Image-backed grounding data
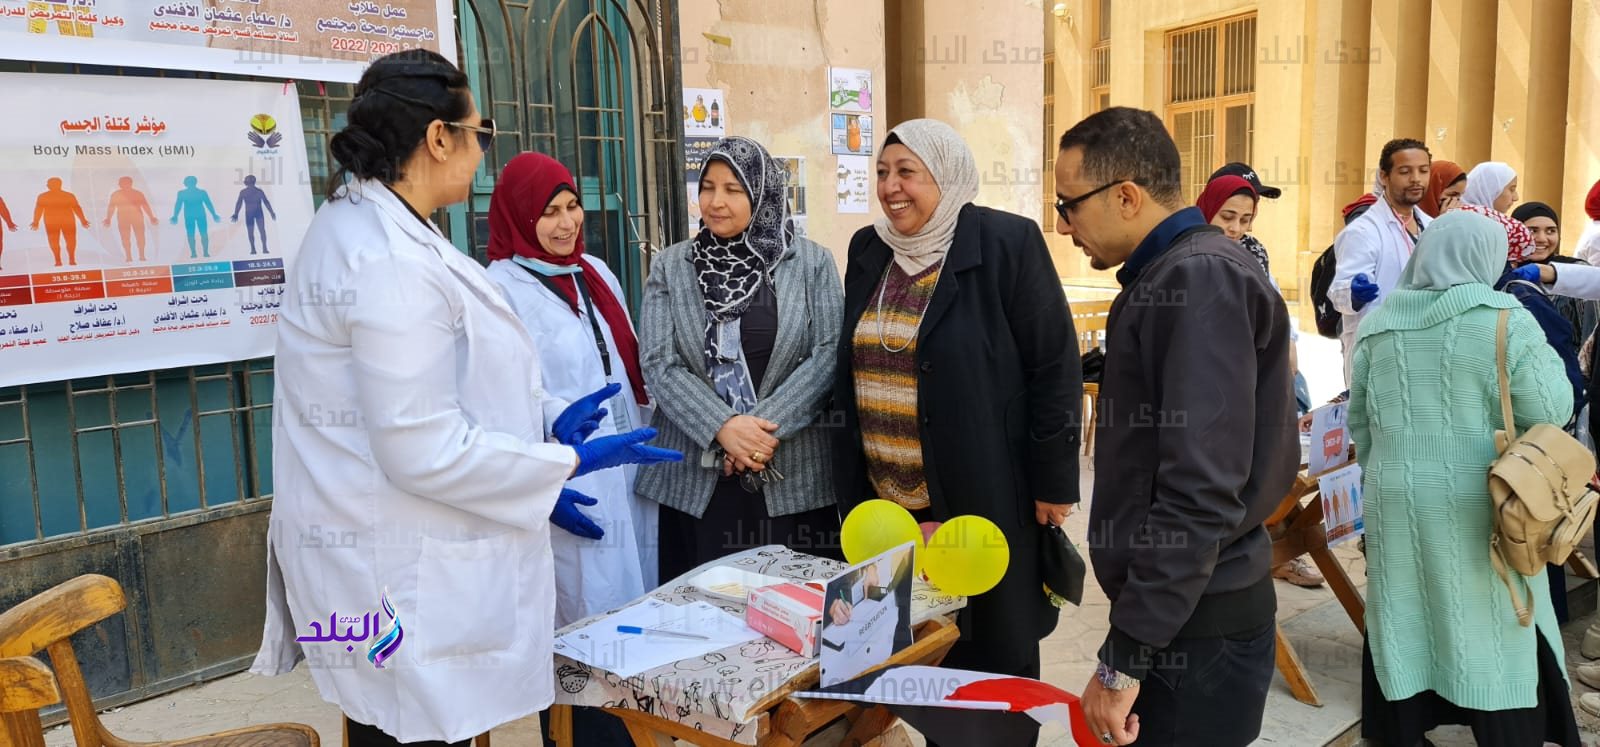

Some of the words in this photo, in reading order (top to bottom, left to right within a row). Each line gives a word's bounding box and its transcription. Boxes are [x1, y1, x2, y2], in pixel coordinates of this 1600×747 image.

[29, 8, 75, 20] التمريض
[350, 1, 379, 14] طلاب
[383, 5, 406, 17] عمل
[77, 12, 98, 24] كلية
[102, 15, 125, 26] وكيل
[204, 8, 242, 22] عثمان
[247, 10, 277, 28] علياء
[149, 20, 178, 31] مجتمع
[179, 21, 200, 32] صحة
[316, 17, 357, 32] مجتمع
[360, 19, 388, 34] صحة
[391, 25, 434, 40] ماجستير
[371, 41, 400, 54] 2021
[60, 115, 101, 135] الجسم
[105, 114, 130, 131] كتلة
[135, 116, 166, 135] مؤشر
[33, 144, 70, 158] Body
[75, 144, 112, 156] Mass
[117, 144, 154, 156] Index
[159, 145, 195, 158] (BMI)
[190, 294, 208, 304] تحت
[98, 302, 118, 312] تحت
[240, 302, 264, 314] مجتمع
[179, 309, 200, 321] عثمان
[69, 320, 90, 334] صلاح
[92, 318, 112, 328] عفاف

◆ WORK INSTRUCTIONS
Please reproduce the data above word for word, skipping all images.

◆ YOUR SOLUTION
Some of the words in this photo, in reading order (top to bottom, left to right within a row). Each line gives a word's bounding box and its transcription. Boxes are [x1, y1, x2, y2], in pixel coordinates of this 1600×747 image.

[29, 8, 75, 20] التمريض
[350, 1, 379, 14] طلاب
[383, 5, 406, 17] عمل
[77, 12, 98, 24] كلية
[102, 15, 125, 26] وكيل
[204, 8, 242, 22] عثمان
[247, 10, 277, 28] علياء
[149, 20, 178, 31] مجتمع
[179, 21, 200, 32] صحة
[316, 17, 357, 32] مجتمع
[360, 19, 388, 34] صحة
[391, 25, 434, 40] ماجستير
[371, 41, 400, 54] 2021
[60, 115, 101, 135] الجسم
[105, 114, 130, 131] كتلة
[135, 116, 166, 135] مؤشر
[33, 144, 70, 158] Body
[75, 144, 112, 156] Mass
[117, 144, 154, 156] Index
[159, 145, 195, 158] (BMI)
[190, 294, 208, 304] تحت
[98, 302, 118, 312] تحت
[240, 302, 264, 314] مجتمع
[179, 309, 200, 321] عثمان
[69, 320, 90, 334] صلاح
[92, 318, 112, 328] عفاف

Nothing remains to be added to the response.